Min Jimin, anak tembam kesayangannya datang, dan tentu ditemani dengan orang yang belakangan ini membikin kekentalan relasi baru di kehidupan mereka—terkhusus Jimin.

"Saya permisi, Sajang-nim." Sekretaris Hong undur diri, dan Yoongi mengangguk sekali tanpa memberi atensi berarti—karena fokus Yoongi kepalang dirampas.

Tidak semacam lazim si bocah Jimin manakala bertemu Yoongi. Alih-alih lekas berlari supaya jatuhi diri di pelukan Yoongi, Jimin mulai menadah kepada Reiha yang sebelumnya hadiahkan Yoongi sebuah lambaian bersama tarikan di bibir dan di alis. Baik Jimin maupun Reiha, dua-duanya ekspresif menyambut.
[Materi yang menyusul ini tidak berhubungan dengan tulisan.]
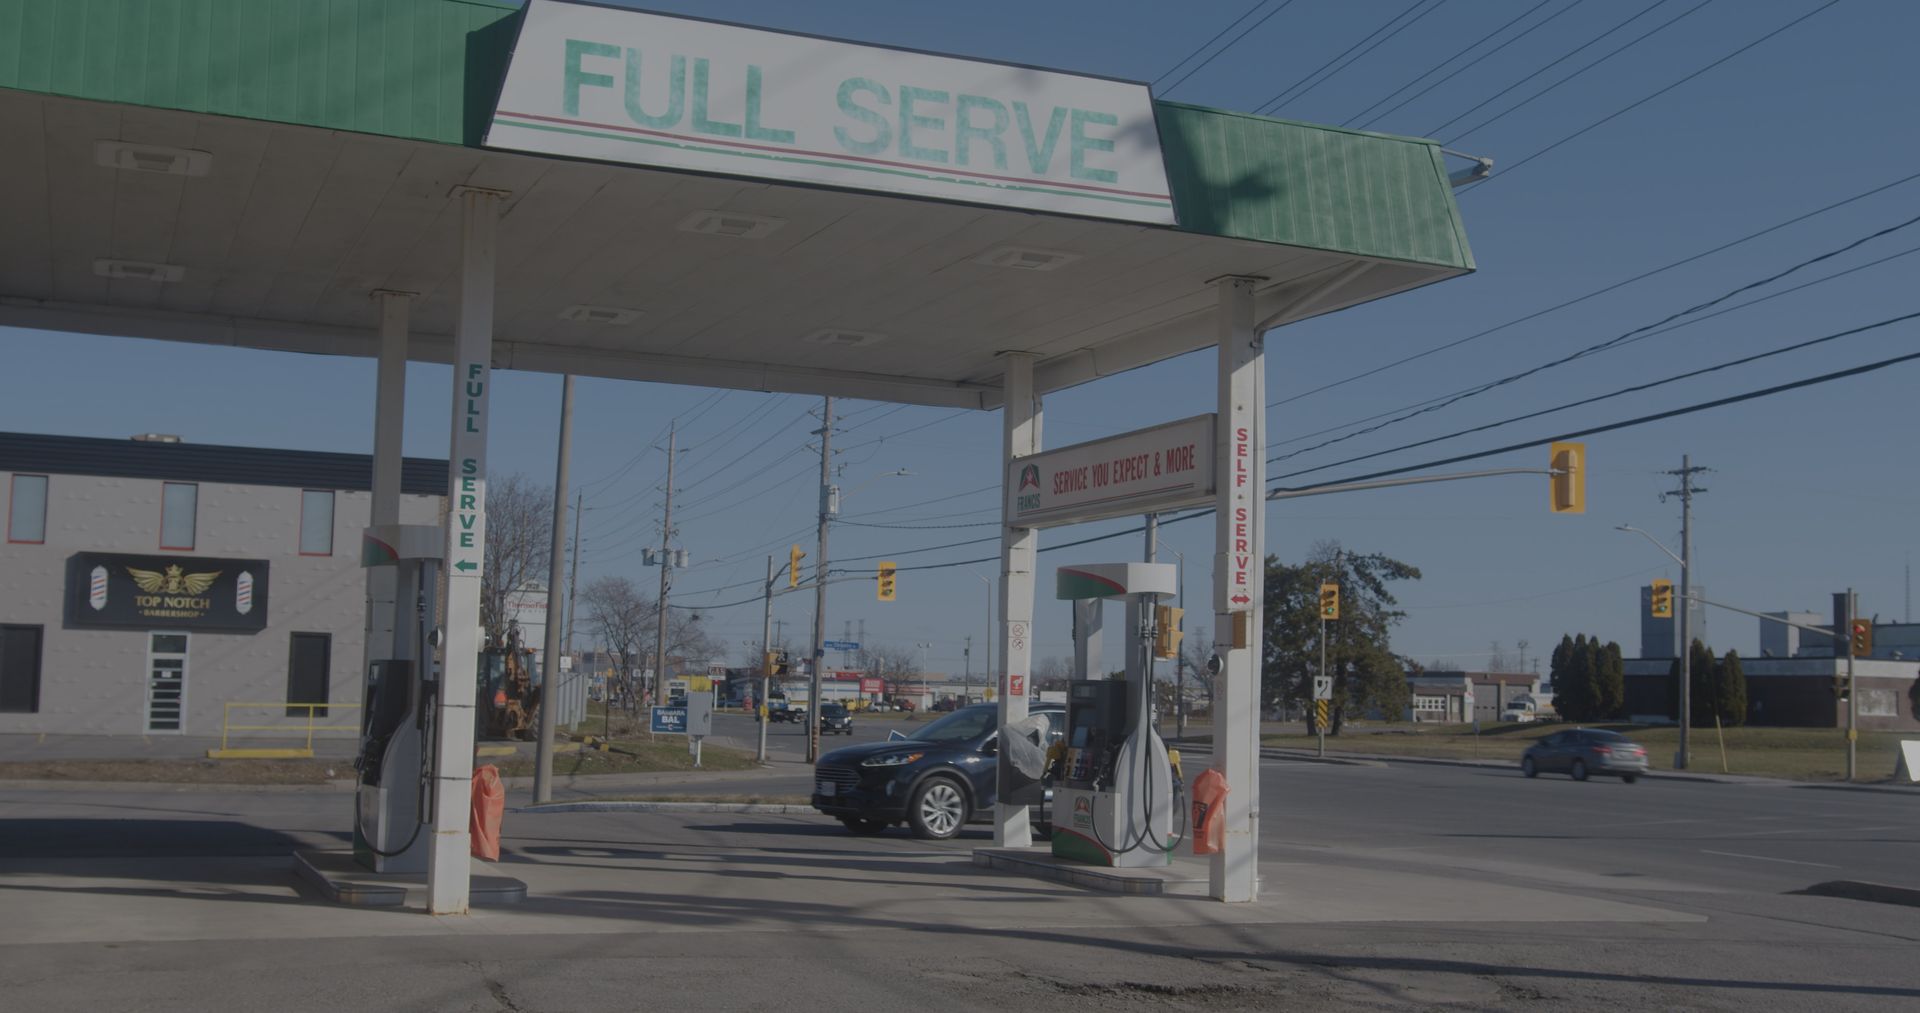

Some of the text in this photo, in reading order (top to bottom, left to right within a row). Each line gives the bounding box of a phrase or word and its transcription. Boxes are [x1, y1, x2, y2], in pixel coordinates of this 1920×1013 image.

Seiring menghapus jarak, Yoongi mampu memastikan benda apa yang tersebunyi di balik tas jinjing berwarna oranye itu.

"Jimin bawa apa?" tanya Yoongi pura-pura heran saat Jimin menyerahi tentengannya.

Mata sempit Jimin hilang sempurna lantaran menyematkan cengiran lima jari. "Bekal untuk Ayah dari Jimin dan Rei-ssaem!"

Bentuk jawaban yang sungguh antusias, menggerakan Yoongi mengusap kepala Jimin sayang. "Oh, terima kasih kalau begitu." Lalu manik pekat Yoongi beralih pada Reiha yang kepalanya sontak berjengit. Dia bicara lagi, tapi di nada rendah, "Tumben sekali Aurora telah bubar di pukul sedini ini."

"Ah, tidak." Reiha menggeleng singkat. "Aku dan kemudian merangkaplah Jimin, izin sebentar."

Alis Yoongi naik satu.

"Hm, sebenarnya ada yang harus diinformasikan padamu, Paman," ungkap Reiha sekenanya.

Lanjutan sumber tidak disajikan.